Hollywood Media Corporation History



Address:
2255 Glades Road, Suite 221A
Boca Raton, Florida 33431
U.S.A.

Telephone: (561) 998-8000
Fax: (561) 998-2974

Website:
Public Company
Incorporated: 1993 as Big Entertainment, Inc.
Employees: 218
Sales: $58.2 million (2002)
Stock Exchanges: NASDAQ
Ticker Symbol: HOLL
NAIC: 511140 Database and Directory Publishers; 513210 Cable Networks; 514110 News Syndicates; 561599 All Other Travel Arrangement and Reservation Services

Company Perspectives:

Hollywood Media Corp. is a leading provider of news, information, and ticketing covering the entertainment and media industries. The company's network of consumer and B2B businesses has a proven track record of developing comprehensive entertainment industry databases, as well as unique and useful content for consumers. The company's network includes: Hollywood.com, a premier movie and entertainment destination on the Internet; CinemaSource, the nation's largest provider of movie show times listings on the Internet; EventSource, which licenses to Web sites and wireless providers the first and only nationwide online database of general events information, including live theater data; Baseline, one of the largest and most comprehensive movie and entertainment information databases; and Broadway.com, which offers the Web's most comprehensive coverage of live theater worldwide.

Key Dates:

1993:
Big Entertainment, Inc. is founded in Boca Raton, Florida, by Sci-Fi Channel co-founders Mitchell Rubenstein and Laurie Silvers.
1993:
Hollywood Online is launched in Santa Monica, California, by Stuart Halperin and Steven Kaminsky.
1996:
Hollywood Online is acquired by Times-Mirror Company.
1999:
Times-Mirror sells Hollywood Online to Big Entertainment for $31 million; Big Entertainment changes its name to Hollywood.com, Inc.
2000:
Hollywood.com launches Broadway.com to sell theater tickets online, acquires Theatre Direct International, and changes its name at the end of the year to Hollywood Media Corporation.
2001:
Hollywood Media launches 1-800-Broadway to sell theater tickets by telephone.
2002:
The company launches two interactive digital cable TV stations, Totally Hollywood TV and Totally Broadway TV.

Company History:

Hollywood Media Corporation is a diversified company offering news, information, and ticketing services related to the film and theater industries. It derives revenue from several related properties that deliver content electronically and through other media to businesses as well as consumers. Its data syndication business provides content to leading newspapers and their Web sites, highly trafficked Web sites and portals, wireless networks, voice technology companies, and entertainment industry professionals through CinemaSource, EventSource, AdSource, and Baseline/FilmTracker. The company's online ticketing operations, Hollywood.com, Broadway.com, and its minority-owned subsidiary MovieTickets.com, allow consumers to purchase tickets to movie theaters and live theater, while Theatre Direct International provides live theater tickets for travel professionals and consumers. The company is also active in book development through its intellectual property division, which includes Tekno Books and NetCo Partners.
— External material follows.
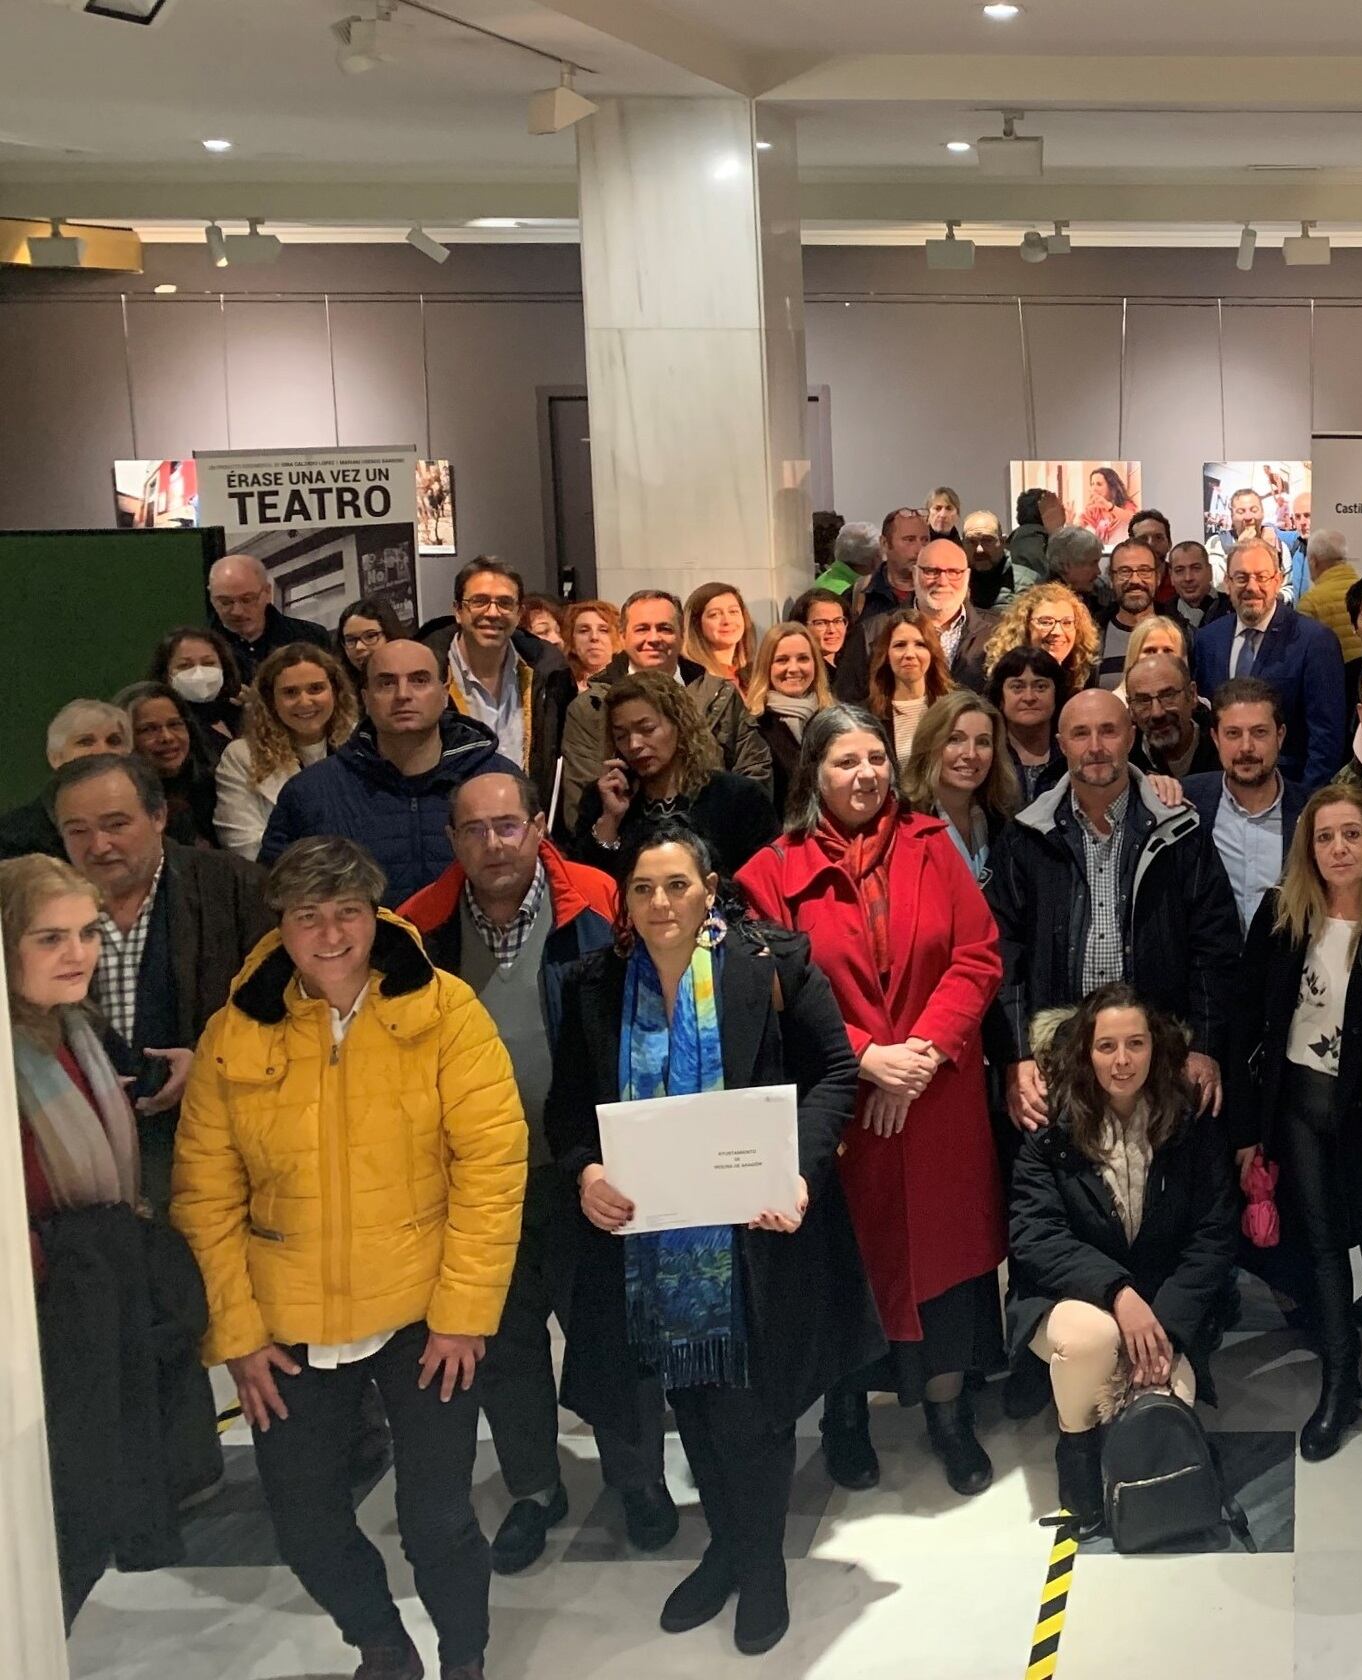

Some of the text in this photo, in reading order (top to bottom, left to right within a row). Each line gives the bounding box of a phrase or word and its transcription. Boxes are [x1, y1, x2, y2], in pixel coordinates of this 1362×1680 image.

Big Entertainment and Hollywood Online: 1993-99

Two companies were begun in 1993 that, six years later, would result in Hollywood.com, Inc., the predecessor to Hollywood Media Corporation. Hollywood Online was founded in 1993 by Stuart Halperin and Steven Kaminsky in their apartment in Santa Monica, California. That same year, Sci-Fi Channel co-founders Mitchell Rubenstein and Laurie Silvers, who were husband and wife, launched Big Entertainment, Inc. in Boca Raton, Florida, after selling the Sci-Fi Channel to USA Networks, Inc.

Hollywood Online began in 1993 with financing from friends and family of its two founders, Stuart Halperin and Steven Kaminsky. Their concept was to create a multimedia Web site devoted to movie news and information. It worked so well that Hollywood Online was acquired by Times-Mirror Company in 1996 and continued to operate as a division of that company until 1999, when it was sold to Big Entertainment.

Big Entertainment began in 1993 with an unusual concept: the company planned to use top-name writers to create comic book characters that could be published, sold, or licensed in a variety of media, from paperback books to CD-ROMs. The company created a new imprint, Tekno Comix, to publish comic books; the imprint later evolved into Tekno Books and became a leading book developer. The first character that was created for Big Entertainment was Mike Danger, a 1950s-style private detective who worked in the year 2045. Created for Big Entertainment by noted detective writer Mickey Spillane, Mike Danger made his debut in February 1994 in a video comic made by Disney-MGM Studios in Orlando, Florida. Mike Danger comic books debuted in fall 1994. In addition to contracting with Disney-MGM Studios and Disney Animation Florida, Big Entertainment signed an agreement with IBM Corporation that allowed IBM to use its characters in CD-ROMs.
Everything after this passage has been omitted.